Fig. 3. L-type calcium current (I_Ca,L) acquisition and analysis from native atrial and ventricular cardiomyocytes (CM) using automated patch-clamp.

a Schematic of swine cardiac tissue harvesting and CM isolation. b Representative recordings of membrane current (I_M) showing I_Ca,L in atrial and ventricular (vent.) CMs. Inset: Voltage protocol. c Peak I_Ca,L density measured at +10 mV. d Current–voltage (I–V) relationship curves for I_Ca,L in atrial (n = 71) and ventricular (n = 26) CMs. e Voltage protocols for I–V/activation experiments and S1/S2 voltage protocols for I_Ca,L inactivation.

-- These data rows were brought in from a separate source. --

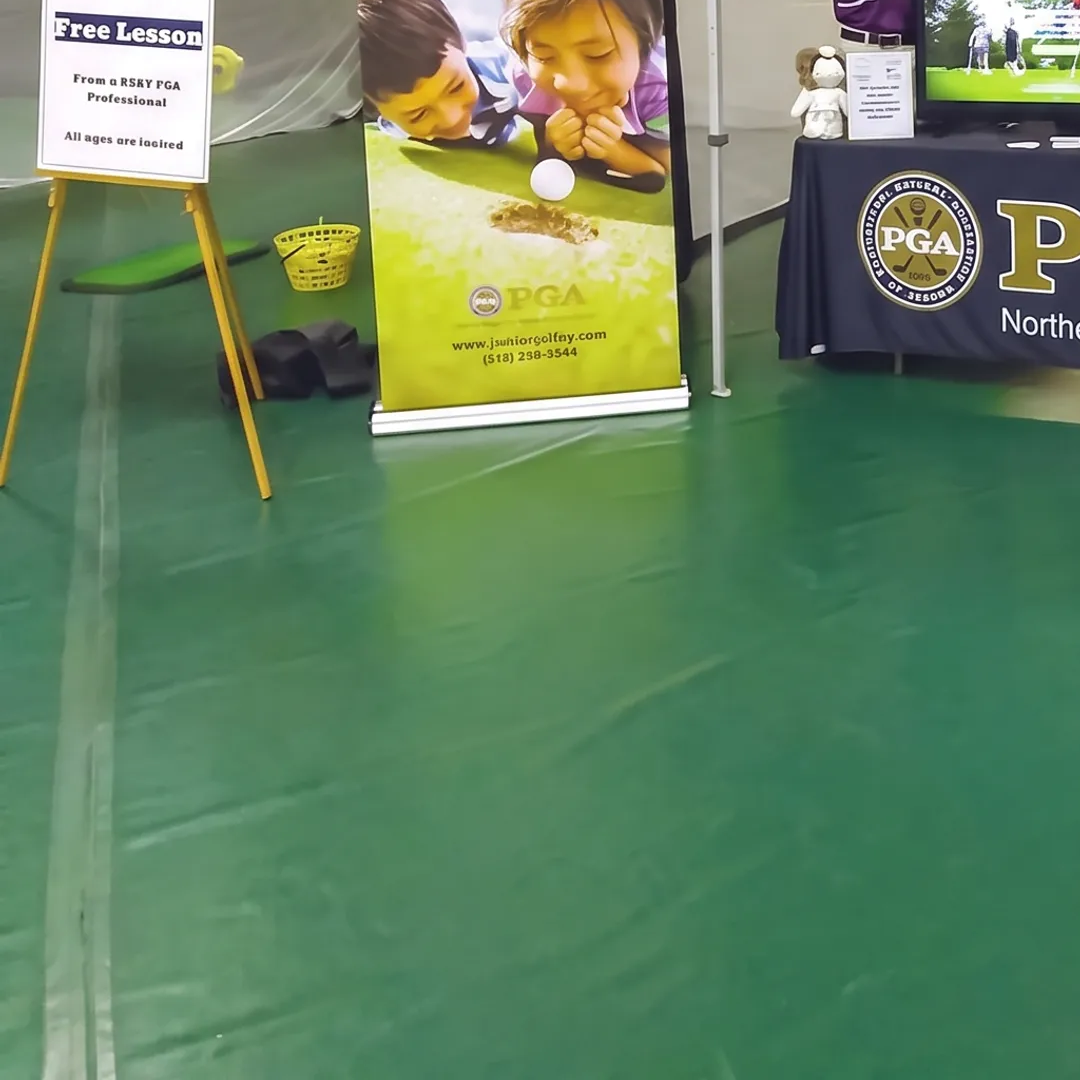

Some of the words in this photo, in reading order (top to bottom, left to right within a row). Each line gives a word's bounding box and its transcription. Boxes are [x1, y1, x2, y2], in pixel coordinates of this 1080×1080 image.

[54, 17, 110, 41] Free
[116, 22, 203, 46] Lesson
[73, 74, 106, 86] From
[109, 78, 117, 86] a
[87, 92, 167, 107] Professional
[64, 131, 81, 142] All
[84, 134, 113, 145] ages
[117, 137, 136, 146] are
[880, 226, 960, 256] PGA
[507, 283, 586, 311] PGA

Graph shows I_Ca,L activation (G/G_max) in atrial (n = 71) and ventricular (n = 26) CMs, with corresponding inactivation(I/I_max) curves in atrial (n = 15) and ventricular (n = 6) CMs. f Activation kinetics of I_Ca,L at +10 mV expressed as a time to peak amplitude. g Representative concentration-dependent response to nifedipine (Nif) application in I_Ca,L current with a time course of average I_Ca,L from a single plate following nifedipine application (n = 10). h Concentration-response curve of I_Ca,L (normalized to the current amplitude at the full block with 5 µM Nif) following nifedpine application in atrial and ventricular CMs with corresponding half maximal effective concentration (EC50). I Biphasic inactivation kinetics of I_Ca,L at +10 mV expressed as fast decay (^τfast) and slow decay (^τslow). Data are mean ± SEM from three animals. *P < 0.05 vs. ventricular. n = number of atrial (176) and ventricular (58) CMs from 3 animals (c, f, i) or atrial (94) and Ventricular (39) (h).